3- On 14 March 1979 the Litani operation, also called “Operation Seagull,” took place when the Popular Front – General Command, a PLO faction, released an Israeli soldier captured during the Litani operation. In return Israel freed (76) detainees from across the Palestinian revolutionary factions who had been held in its prisons, including (12) female prisoners.
4- On 23 November 1983 another exchange occurred between the Israeli government and the Palestinian National Liberation Movement – Fatah. Israel released all detainees held at the Ansar detention center in southern Lebanon — numbering (4,700) Palestinian and Lebanese detainees — and (65) prisoners from Israeli jails, in exchange for the release of six Israeli soldiers.
5- On 20 May 1985 an exchange with the Popular Front – General Command, known as “Operation Galilee,” resulted in Israel releasing (1,155) prisoners detained in its various jails. Of these, (883) had been held in prisons located in the occupied Palestinian territories, (118) had been taken from Ansar during the 1983 exchange with Fatah, and (154) had been transferred from Ansar to Atlit during the Israeli withdrawal from southern Lebanon. The exchange was in return for three soldiers held by the Popular Front.

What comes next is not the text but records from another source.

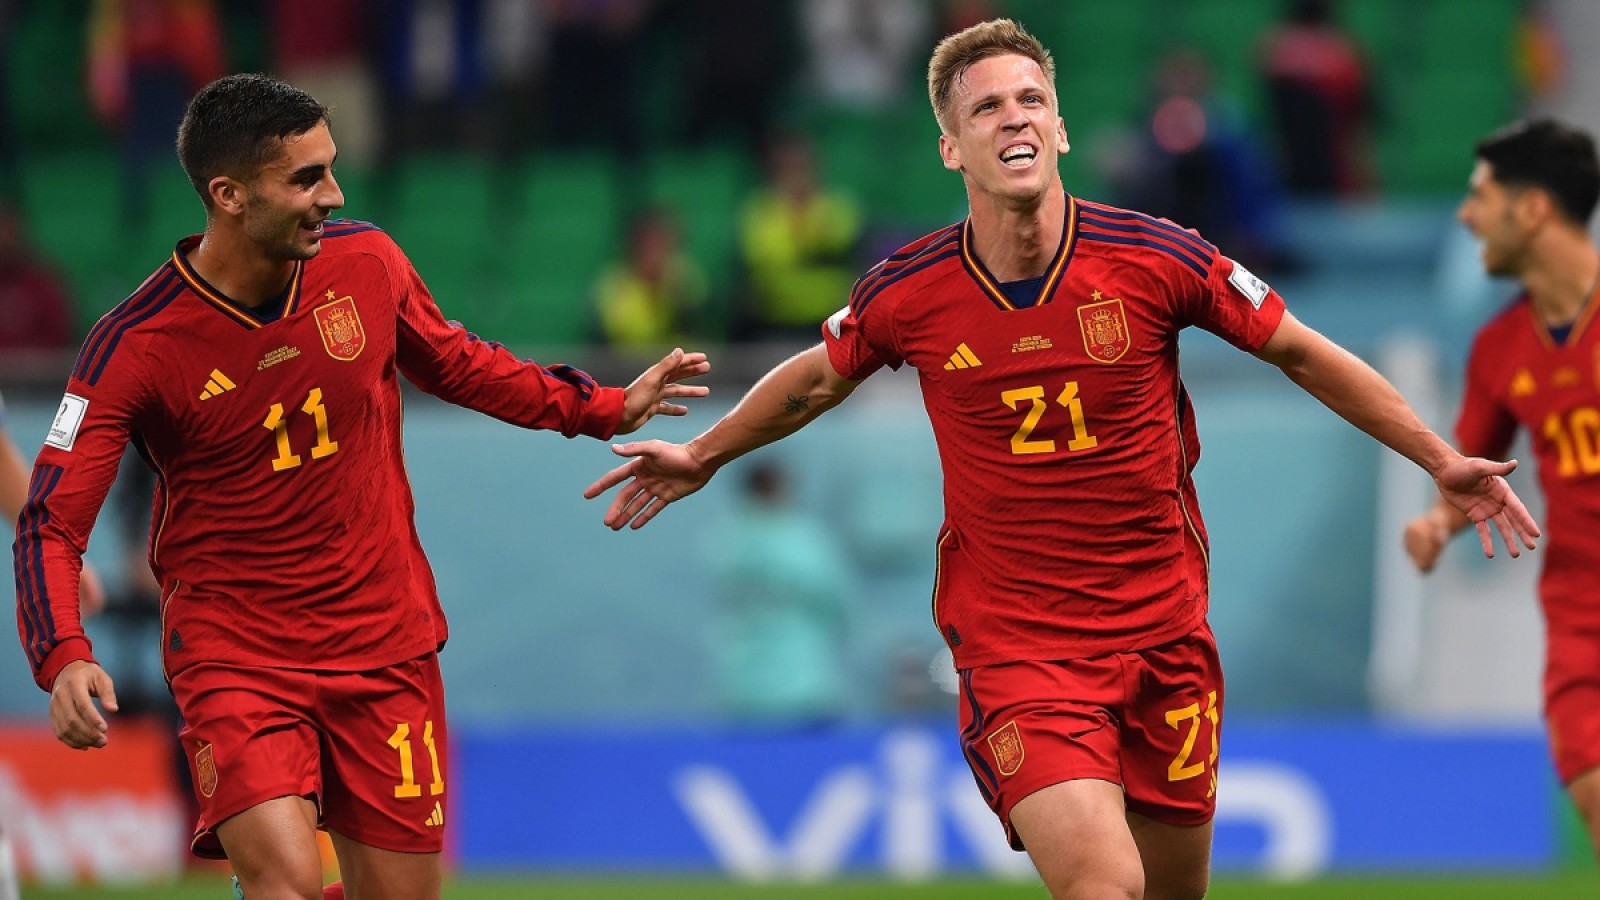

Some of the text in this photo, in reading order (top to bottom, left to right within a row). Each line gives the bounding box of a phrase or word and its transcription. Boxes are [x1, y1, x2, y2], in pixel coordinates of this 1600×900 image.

[263, 388, 338, 471] 11
[1001, 381, 1097, 454] 21
[1543, 407, 1600, 477] 10
[387, 721, 444, 797] 11
[1165, 690, 1219, 781] 21
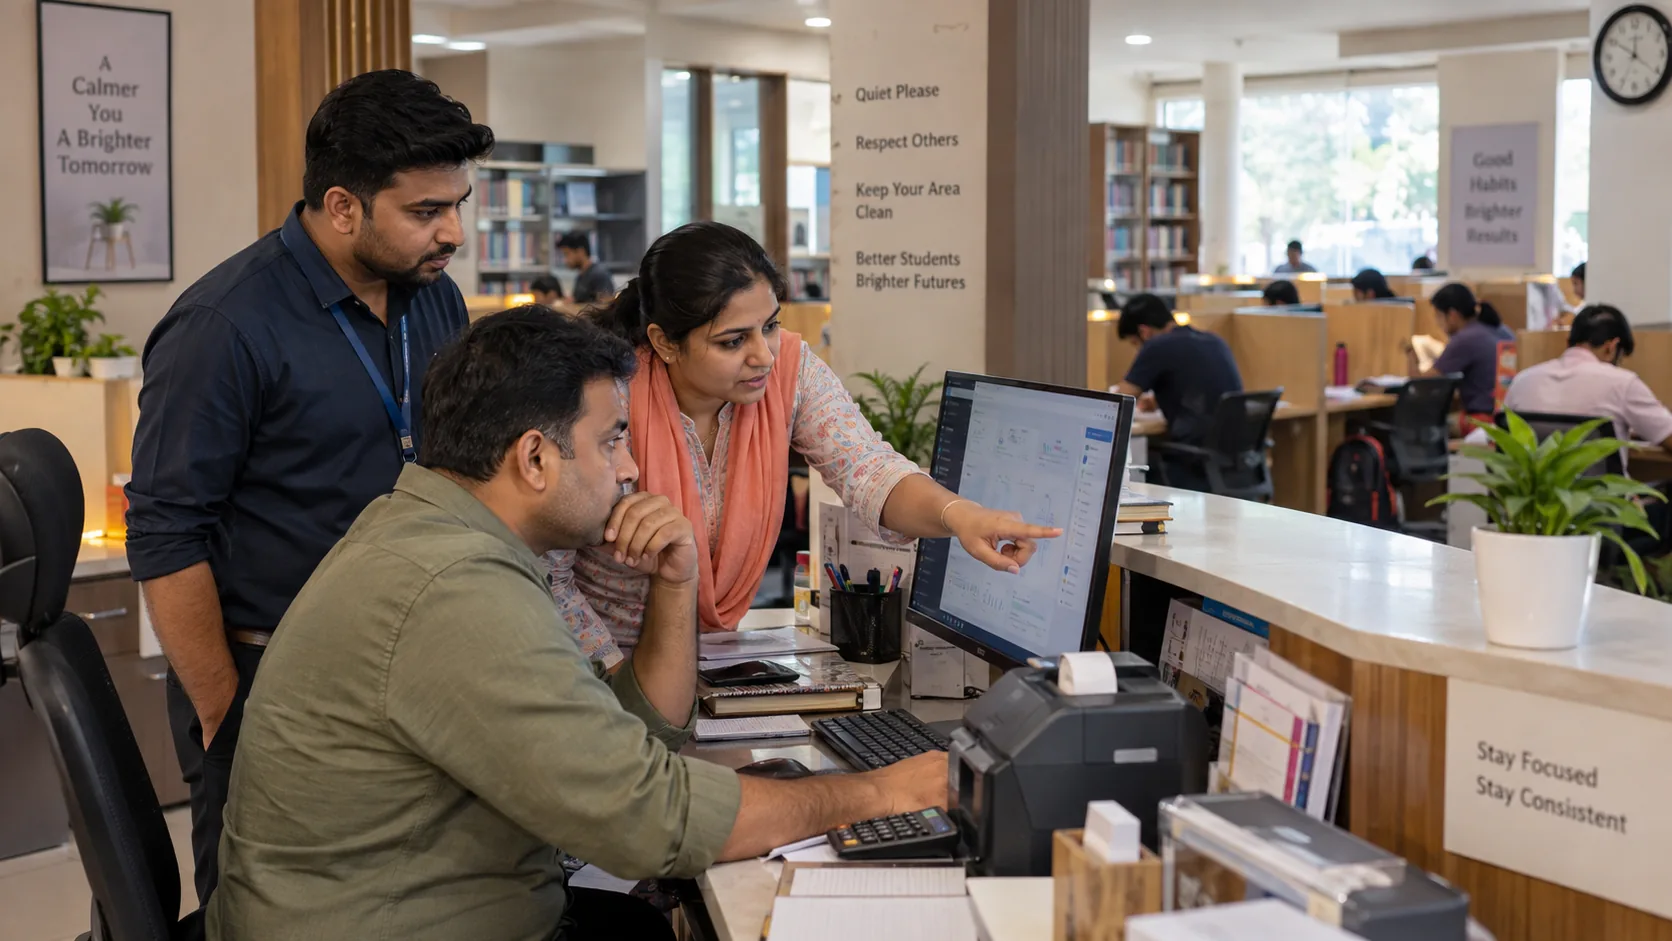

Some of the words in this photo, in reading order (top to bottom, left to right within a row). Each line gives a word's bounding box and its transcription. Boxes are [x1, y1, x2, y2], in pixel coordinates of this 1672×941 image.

6- On 1 October 2009 Israel released twenty female Palestinian prisoners from the West Bank and the Gaza Strip in return for receiving information about the status of soldier Gilad Shalit, who had been held by Palestinian factions in Gaza since 25 June 2006. This was achieved by obtaining a two-minute, recently filmed video showing Shalit alive and apparently healthy; the “video tape” deal was considered part of negotiations for a larger exchange.

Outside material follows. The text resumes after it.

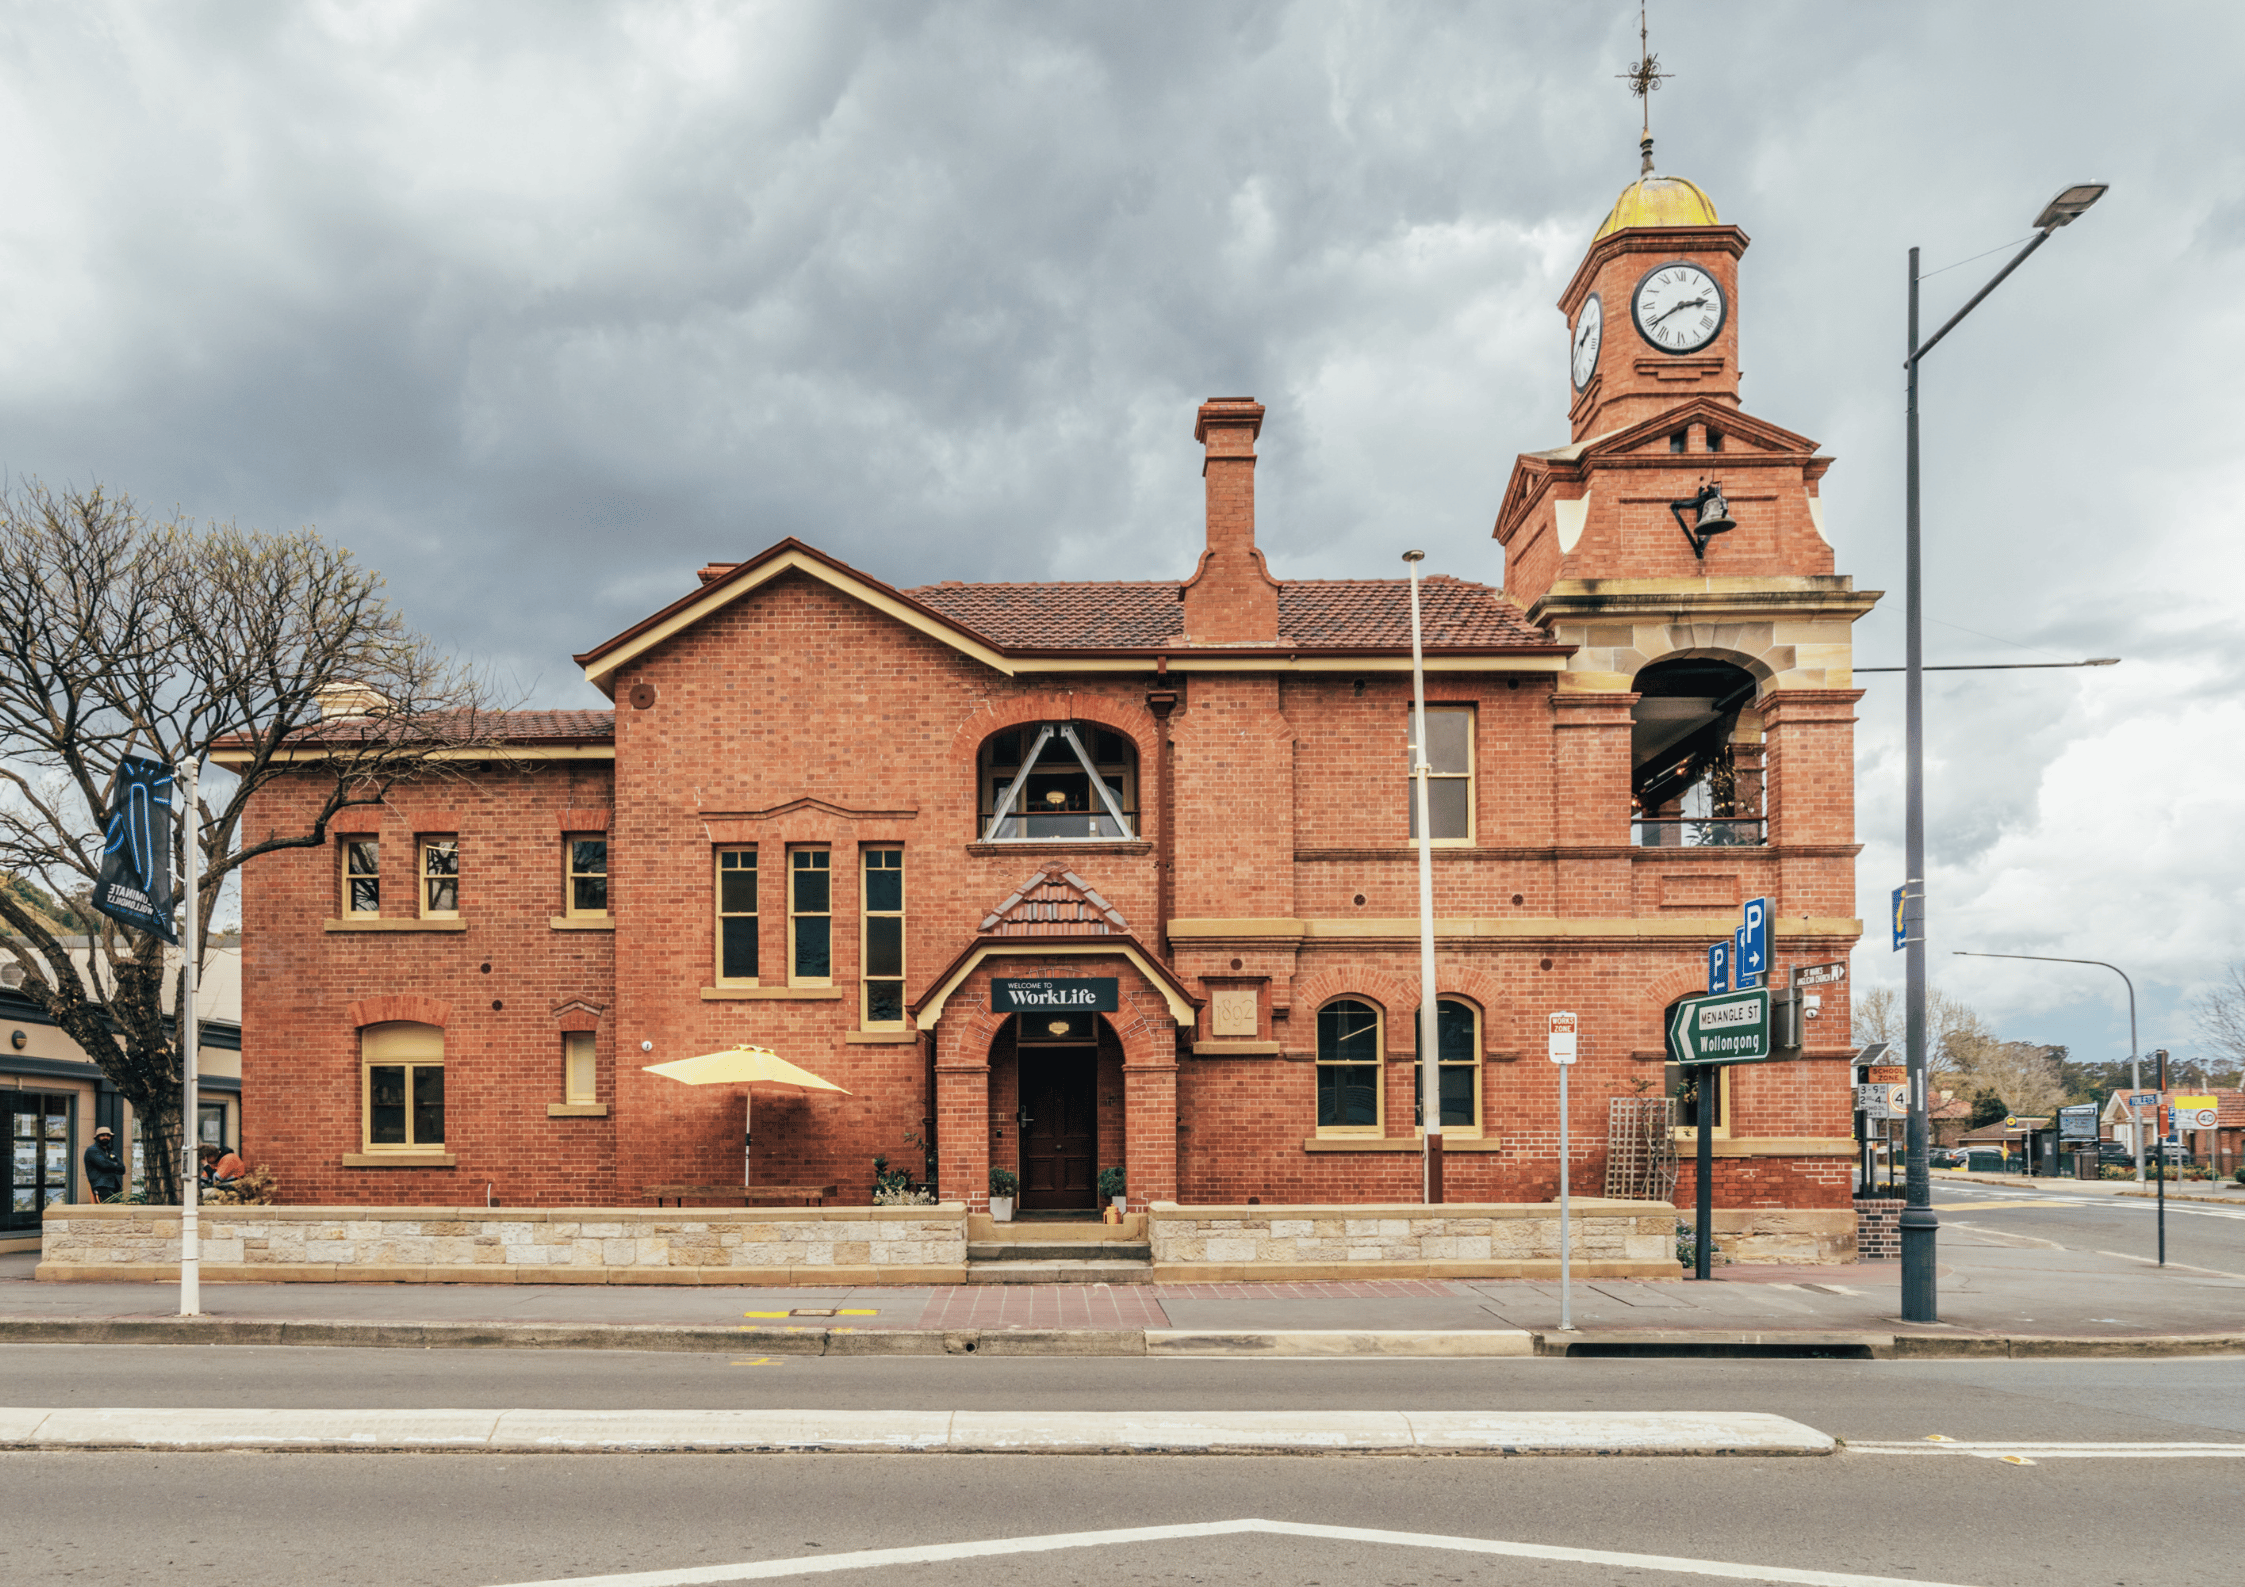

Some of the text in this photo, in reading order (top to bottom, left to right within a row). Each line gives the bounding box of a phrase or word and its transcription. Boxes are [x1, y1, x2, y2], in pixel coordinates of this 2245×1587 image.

On 18 October 2011 the exchange known as “Wafa al-Ahrar” (Loyalty to the Free) took place between the Palestinian factions holding Israeli soldier Gilad Shalit and the Israeli government, mediated by Egypt. Under the deal Shalit — who had been held by Palestinian factions in the Gaza Strip since 26 June 2006 — was released in exchange for Israel freeing (1,027) prisoners who had been held in its jails and detention centers, including (994) men and (33) women. As part of the deal (205) of the prisoners were transferred to Gaza and abroad, including 163 prisoners from the West Bank and Jerusalem who were relocated to Gaza, and 42 sent abroad.
8- On 22 November 2023 a humanitarian truce in Gaza was announced that included the release of 50 hostages held by resistance factions in exchange for the release of 150 prisoners over four days. The truce was extended for three days and the total number freed rose to 240, including (169) children and youths and (71) female prisoners.
9- In January and February 2025 (1,777) prisoners were freed in seven successive batches, including prisoners from Gaza arrested after the war of extermination.
10- On 13 October 2025 (1,968) prisoners were freed as part of the ceasefire agreement, including (1,718) Gaza prisoners who had been arrested after the war of extermination.